# [Exercise goal]
Exact copies of all the lines below are required, with the pictures omitted.

Spatial localization data:
········
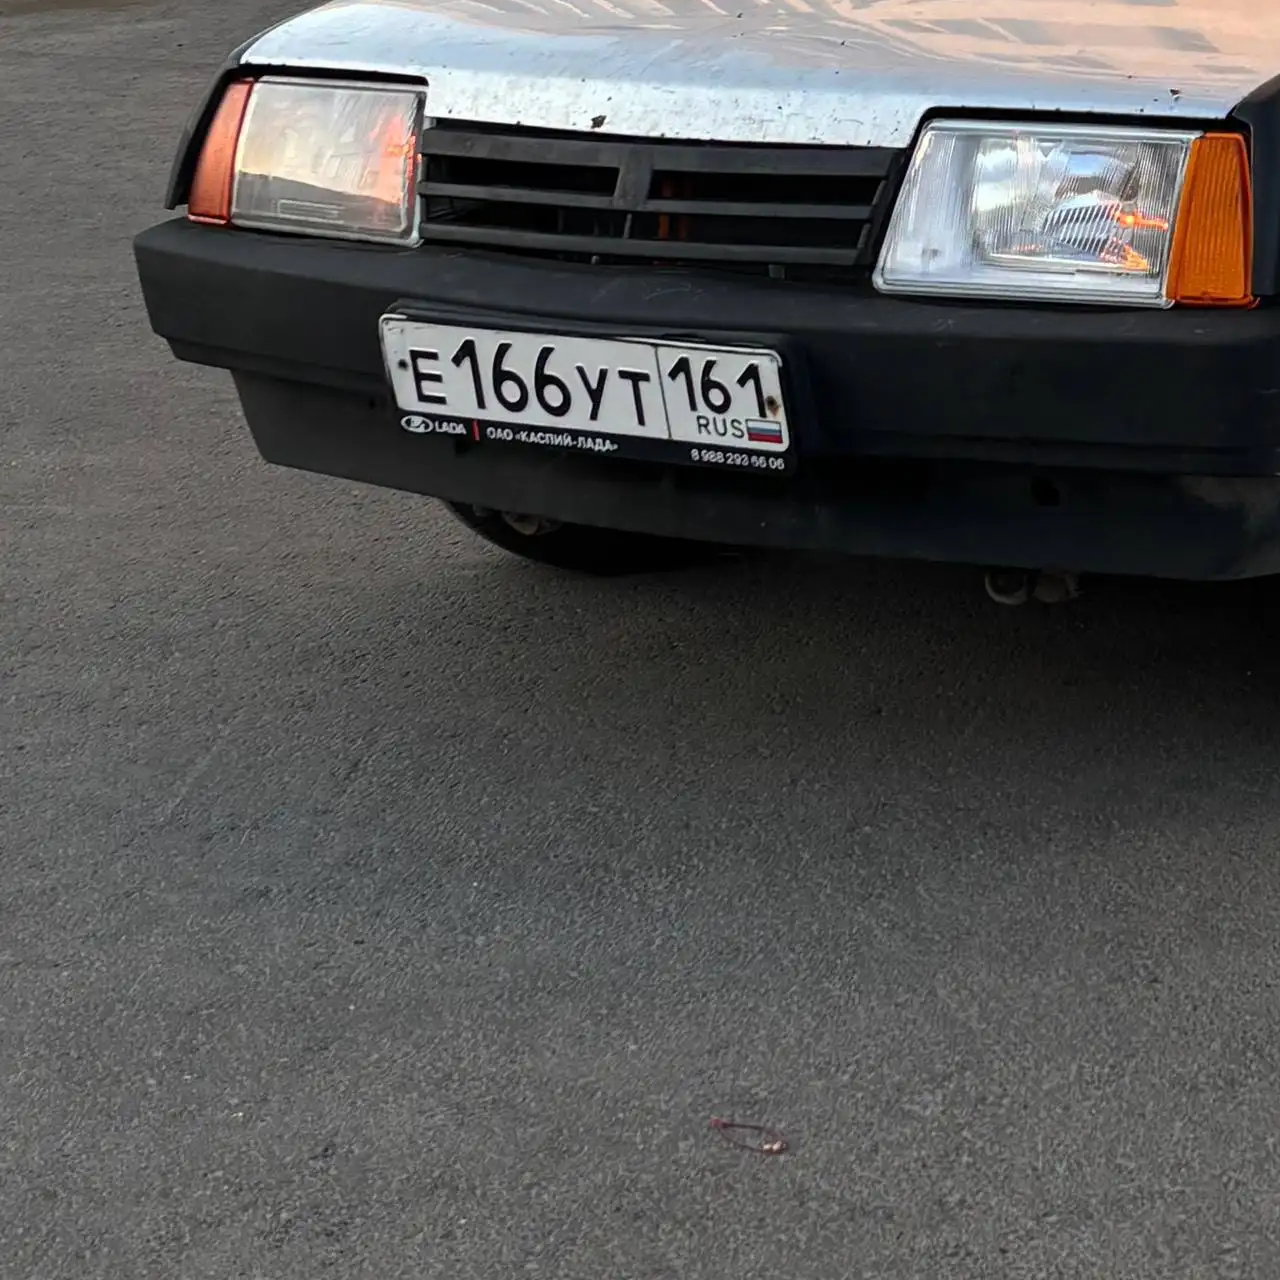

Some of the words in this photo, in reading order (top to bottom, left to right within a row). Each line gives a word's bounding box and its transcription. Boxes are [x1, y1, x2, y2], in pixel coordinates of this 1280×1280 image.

[668, 356, 768, 419] 161
[434, 421, 467, 435] LADA
[486, 427, 514, 441] ОАО
[697, 418, 745, 439] RUS
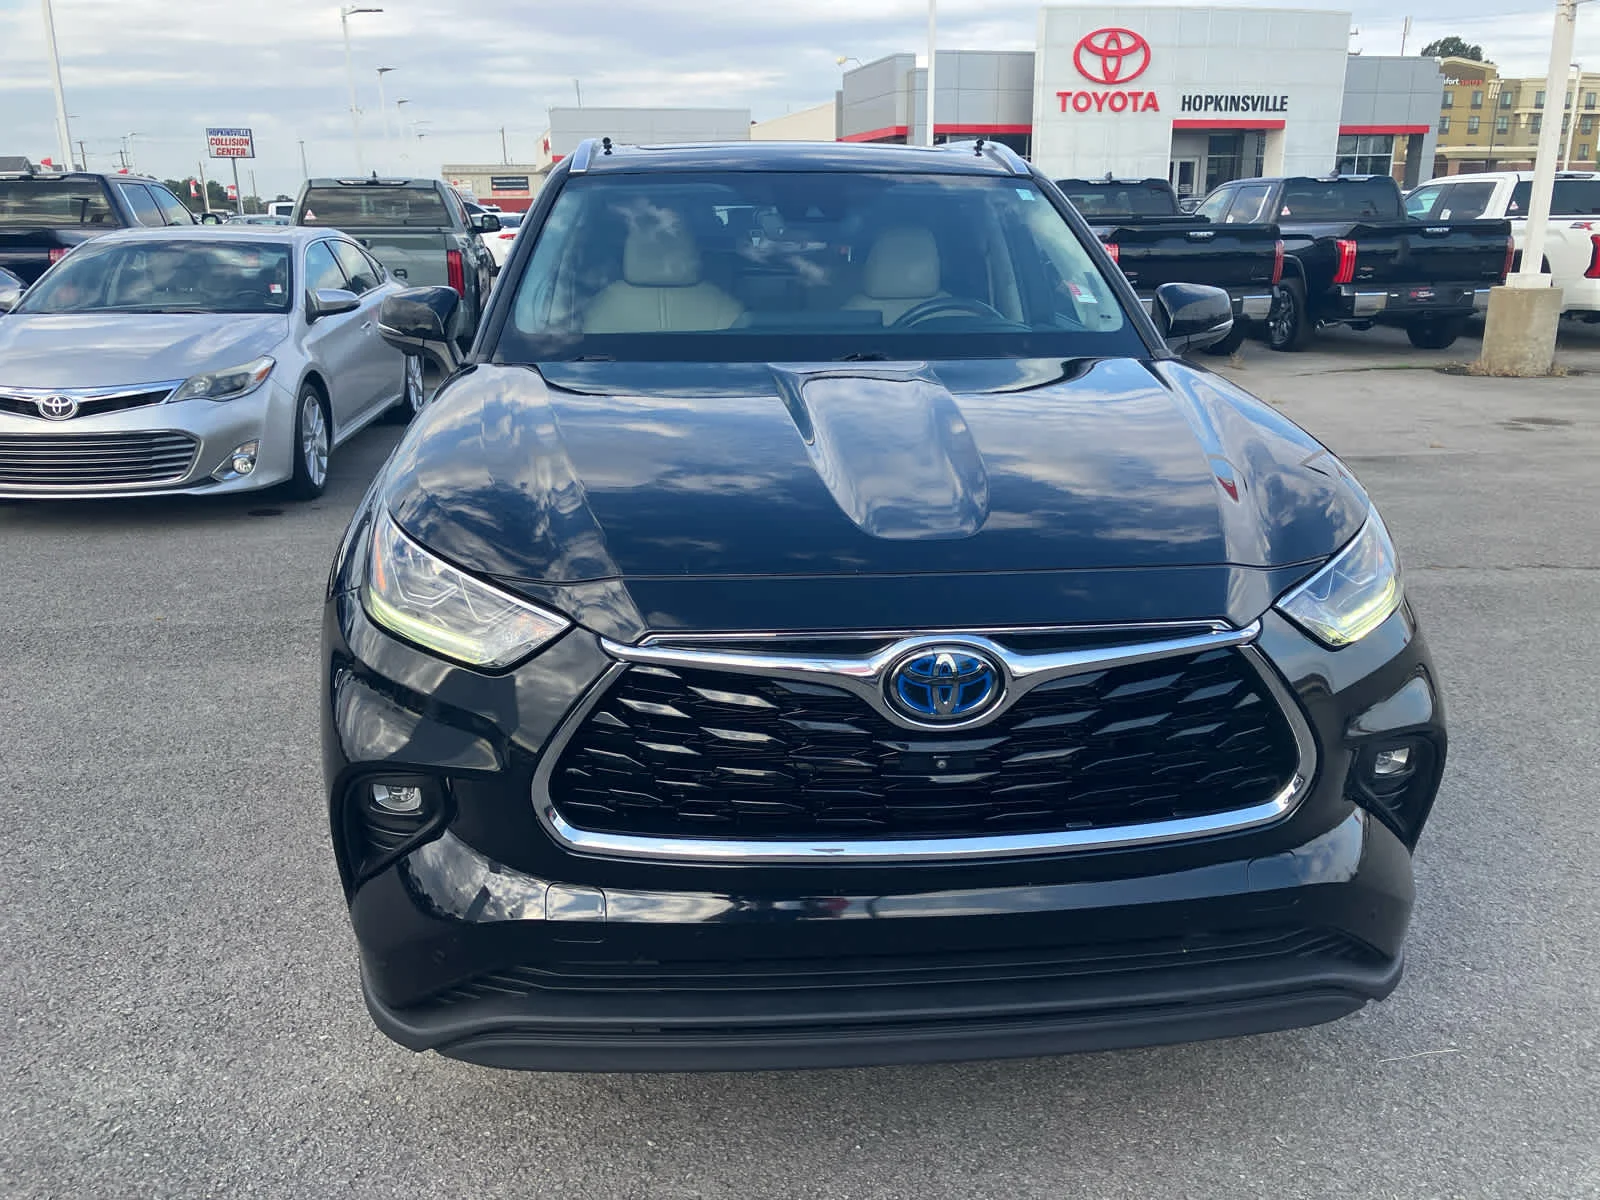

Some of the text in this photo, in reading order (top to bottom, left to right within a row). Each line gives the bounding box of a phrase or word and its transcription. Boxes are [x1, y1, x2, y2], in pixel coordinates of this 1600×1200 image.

[1056, 91, 1160, 113] TOYOTA
[1181, 94, 1289, 112] HOPKINSVILLE
[210, 137, 250, 146] COLLISION
[216, 147, 247, 156] CENTER
········
# [Completed exercise]
Some of the words in this photo, in reading order (top to bottom, left to right within a row). Each line gives a word's bounding box and its transcription. Boxes are [x1, y1, x2, y2], in pixel coordinates of this 1280×1280 image.

[668, 356, 768, 419] 161
[434, 421, 467, 435] LADA
[486, 427, 514, 441] ОАО
[697, 418, 745, 439] RUS

Some of the text in this photo, in reading order (top to bottom, left to right within a row). Each line gives the bounding box of a phrase or word and its transcription. Boxes are [x1, y1, x2, y2], in pixel coordinates of this 1600×1200 image.

[1056, 91, 1160, 113] TOYOTA
[1181, 94, 1289, 112] HOPKINSVILLE
[210, 137, 250, 146] COLLISION
[216, 147, 247, 156] CENTER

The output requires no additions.